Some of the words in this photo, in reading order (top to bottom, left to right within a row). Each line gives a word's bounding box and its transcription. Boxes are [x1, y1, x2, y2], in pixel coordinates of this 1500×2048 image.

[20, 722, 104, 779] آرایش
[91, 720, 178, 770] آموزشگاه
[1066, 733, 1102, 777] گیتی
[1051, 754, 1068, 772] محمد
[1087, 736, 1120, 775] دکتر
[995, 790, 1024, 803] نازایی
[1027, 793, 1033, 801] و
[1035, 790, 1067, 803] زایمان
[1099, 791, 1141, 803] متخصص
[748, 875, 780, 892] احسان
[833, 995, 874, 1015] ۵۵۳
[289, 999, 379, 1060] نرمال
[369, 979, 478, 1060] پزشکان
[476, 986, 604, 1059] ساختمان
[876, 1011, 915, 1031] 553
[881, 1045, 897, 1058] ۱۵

================================

### Assigned task
Reproduce the material word for word. Leave nothing out.

### Result for this exercise
Some of the words in this photo, in reading order (top to bottom, left to right within a row). Each line gives a word's bounding box and its transcription. Boxes are [x1, y1, x2, y2], in pixel coordinates of this 1500×2048 image.

[20, 722, 104, 779] آرایش
[91, 720, 178, 770] آموزشگاه
[1066, 733, 1102, 777] گیتی
[1051, 754, 1068, 772] محمد
[1087, 736, 1120, 775] دکتر
[995, 790, 1024, 803] نازایی
[1027, 793, 1033, 801] و
[1035, 790, 1067, 803] زایمان
[1099, 791, 1141, 803] متخصص
[748, 875, 780, 892] احسان
[833, 995, 874, 1015] ۵۵۳
[289, 999, 379, 1060] نرمال
[369, 979, 478, 1060] پزشکان
[476, 986, 604, 1059] ساختمان
[876, 1011, 915, 1031] 553
[881, 1045, 897, 1058] ۱۵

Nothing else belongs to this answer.